Research Information System
Journal of Infection in Developing Countries, vol.20, no.1, pp.98-103, 2026 (SCI-Expanded, Scopus)
Introduction: Ceftolozane-tazobactam (CLZ-TAZ) and ceftazidime-avibactam (CAZ-AVB) are recently developed β-lactam/β-lactamase inhibitor combinations active against resistant Gram-negative bacteria. This study compared the in vitro activities of ceftazidime, meropenem, piperacillin-tazobactam (PIP-TAZ), CLZ-TAZ, and CAZ-AVB in Klebsiella pneumoniae isolates from Hacettepe University hospitals and investigated the carbapenemase types detected over the past five years. Methodology: A total of 550 K. pneumoniae isolates were collected consecutively from invasive clinical samples between 2015 and 2022 according to the SENTRY protocol. Identification was performed using matrix-assisted laser desorption ionization–time of flight mass spectrometry (MALDI-TOF MS). Susceptibility testing for ceftazidime, meropenem, PIP-TAZ, CLZ-TAZ, and CAZ-AVB was carried out by broth microdilution and interpreted according to EUCAST standards. Carbapenemase genes were determined by whole-genome sequencing. Results: Isolates were obtained from blood (n = 191), skin/soft tissue (n = 130), urine (n = 102), respiratory (n = 86), and intra-abdominal (n = 41) samples. Resistance rates were 62.3% for ceftazidime, 29.7% for meropenem, 60.4% for PIP-TAZ, 43.1% for CLZ-TAZ, and 8.7% for CAZ-AVB. The predominant carbapenemases were OXA-48, OXA-232, NDM-1, OXA-181, and KPC-2. Multiple carbapenemases coexisted in 10% of carbapenem-resistant isolates.
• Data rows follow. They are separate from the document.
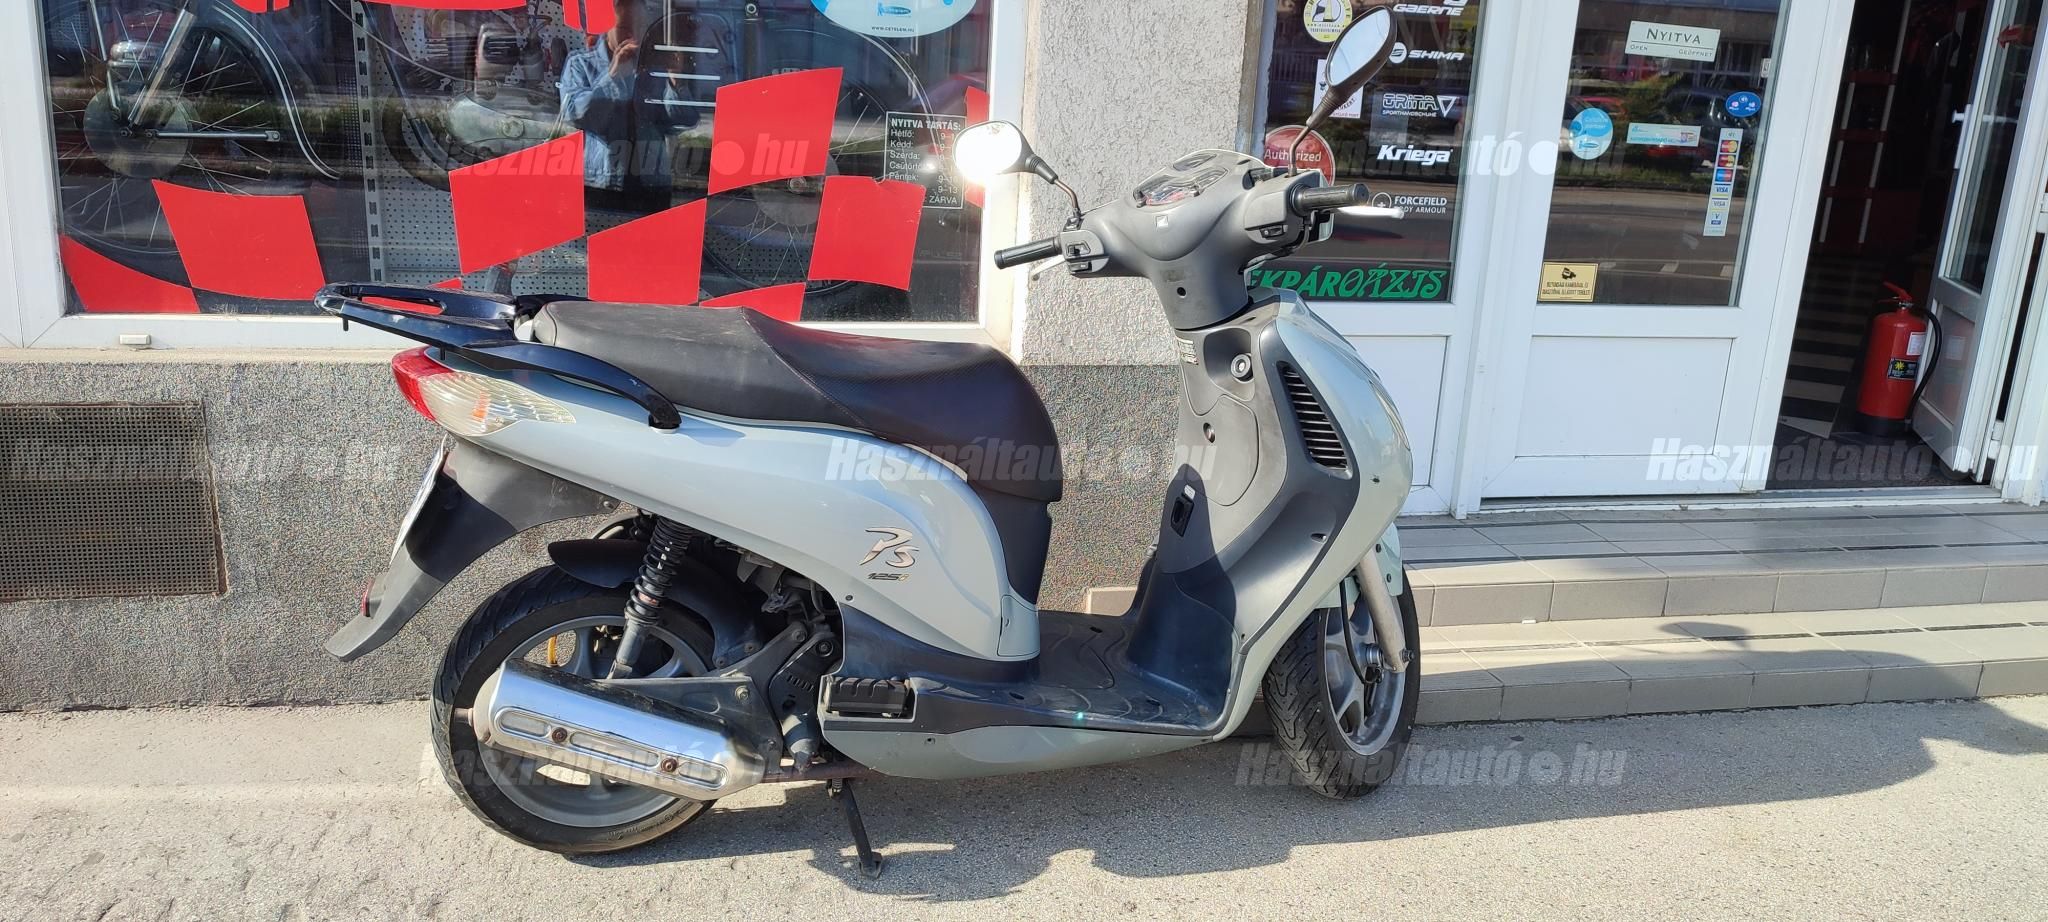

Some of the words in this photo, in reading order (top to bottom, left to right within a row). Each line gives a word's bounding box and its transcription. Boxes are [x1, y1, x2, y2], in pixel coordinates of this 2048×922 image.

[1393, 3, 1464, 16] GAERNE
[1646, 28, 1701, 44] NYITVA
[1408, 49, 1464, 60] SHIMA
[891, 118, 923, 129] NYITVA
[926, 120, 961, 131] TARTÁS:
[890, 129, 915, 138] Hétfő:
[890, 140, 914, 148] Kedd:
[889, 151, 920, 160] Szerda:
[1264, 149, 1322, 162] Authrized
[1377, 145, 1451, 166] Kriega
[929, 192, 958, 204] ZÁRVA
[1394, 196, 1447, 206] FORCEFIELD
[1415, 206, 1446, 214] ARMOUR
Conclusions: CAZ-AVB demonstrated superior activity compared to CLZ-TAZ in this high-resistance setting, While OXA-48 and NDM-1 remain the most frequent carbapenemases, emerging enzymes including OXA-181, OXA-232, KPC-3, and NDM-5 were also detected. The coexistence of multiple enzymes in single isolates highlights a growing therapeutic challenge, emphasizing the need for continued surveillance and effective antimicrobial stewardship.